What's needed is a word-for-word retyping of the entries below, pictures omitted.
(Entries supplied)
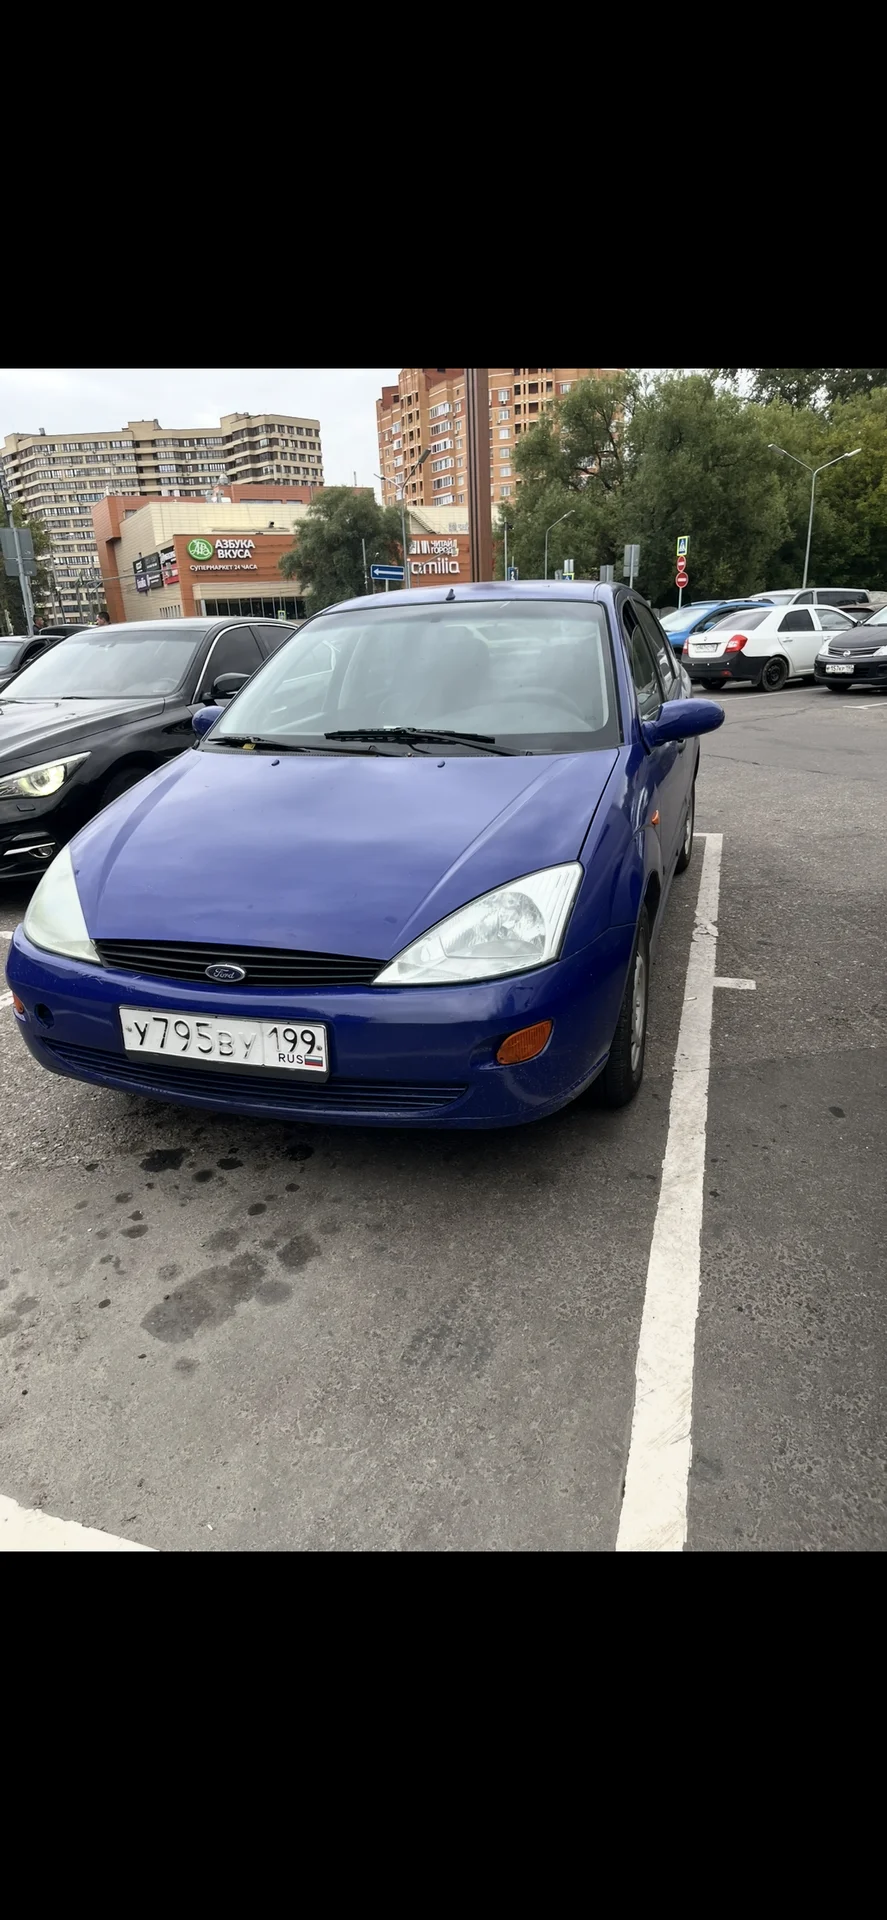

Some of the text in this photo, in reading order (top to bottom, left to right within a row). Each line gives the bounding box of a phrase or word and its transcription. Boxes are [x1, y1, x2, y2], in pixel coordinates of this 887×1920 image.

[215, 539, 256, 549] АЗБУКА
[431, 538, 453, 547] ЧИТАЙ
[217, 549, 252, 559] ВКУСА
[189, 564, 233, 572] СУПЕРМАРКЕТ
[407, 557, 460, 574] amilia
[213, 968, 235, 979] Ford
[266, 1026, 317, 1055] 199
[278, 1052, 304, 1065] RUS
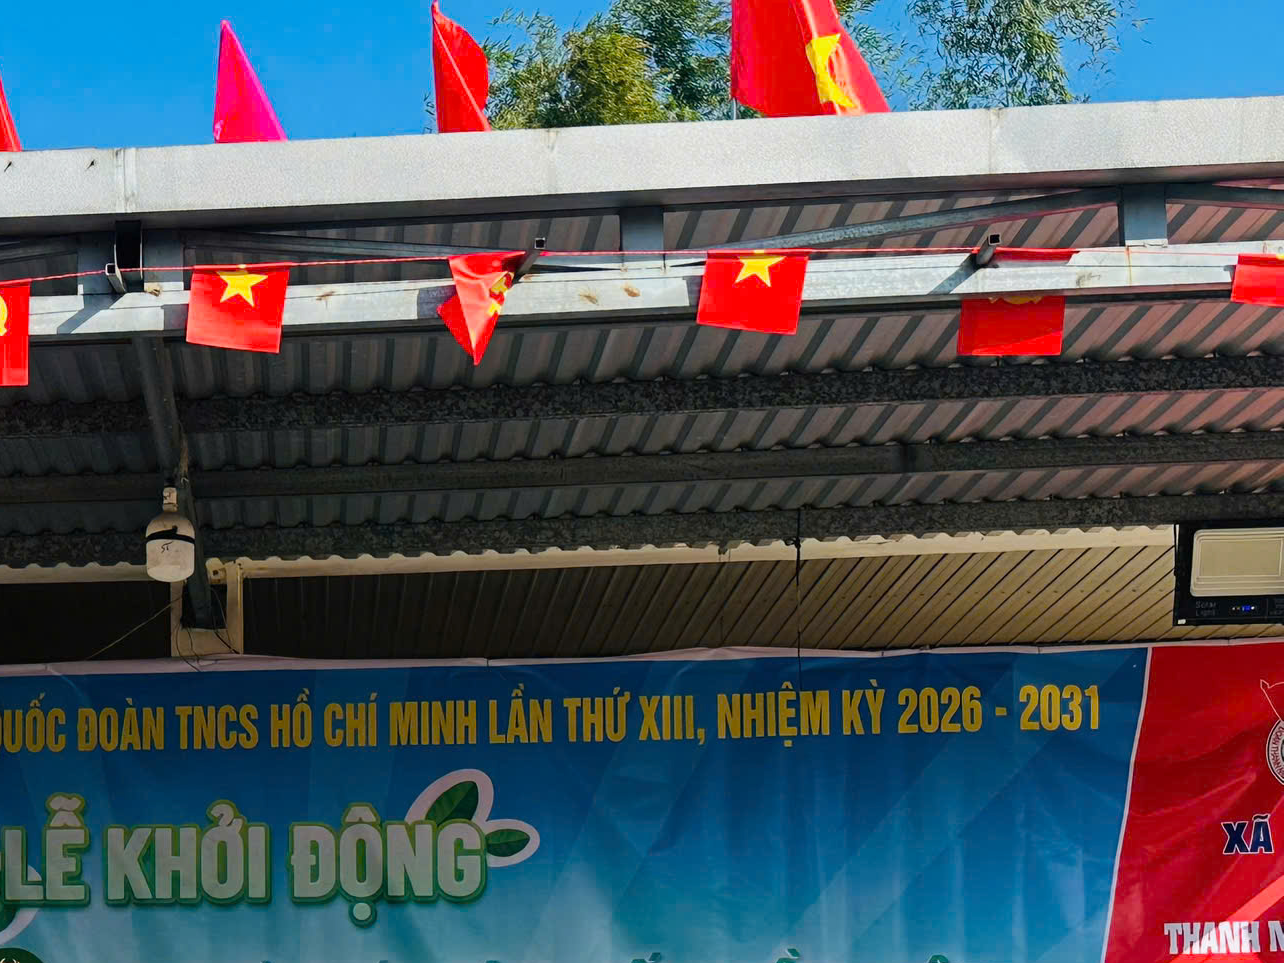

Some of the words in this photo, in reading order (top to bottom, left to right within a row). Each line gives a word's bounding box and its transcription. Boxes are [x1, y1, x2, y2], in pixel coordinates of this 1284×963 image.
(End Entries supplied)
Finished exercise:
Some of the text in this photo, in reading order (top to bottom, left to right within a row). Each line gives the bounding box of a phrase or word and its transcription. Boxes are [x1, y1, x2, y2], in pixel coordinates of this 887×1920 image.

[215, 539, 256, 549] АЗБУКА
[431, 538, 453, 547] ЧИТАЙ
[217, 549, 252, 559] ВКУСА
[189, 564, 233, 572] СУПЕРМАРКЕТ
[407, 557, 460, 574] amilia
[213, 968, 235, 979] Ford
[266, 1026, 317, 1055] 199
[278, 1052, 304, 1065] RUS

Some of the words in this photo, in reading order (top to bottom, left to right within a row). Each line gives a word's bounding box and its transcription. Boxes are [x1, y1, x2, y2], in pixel coordinates of this 1284×963 image.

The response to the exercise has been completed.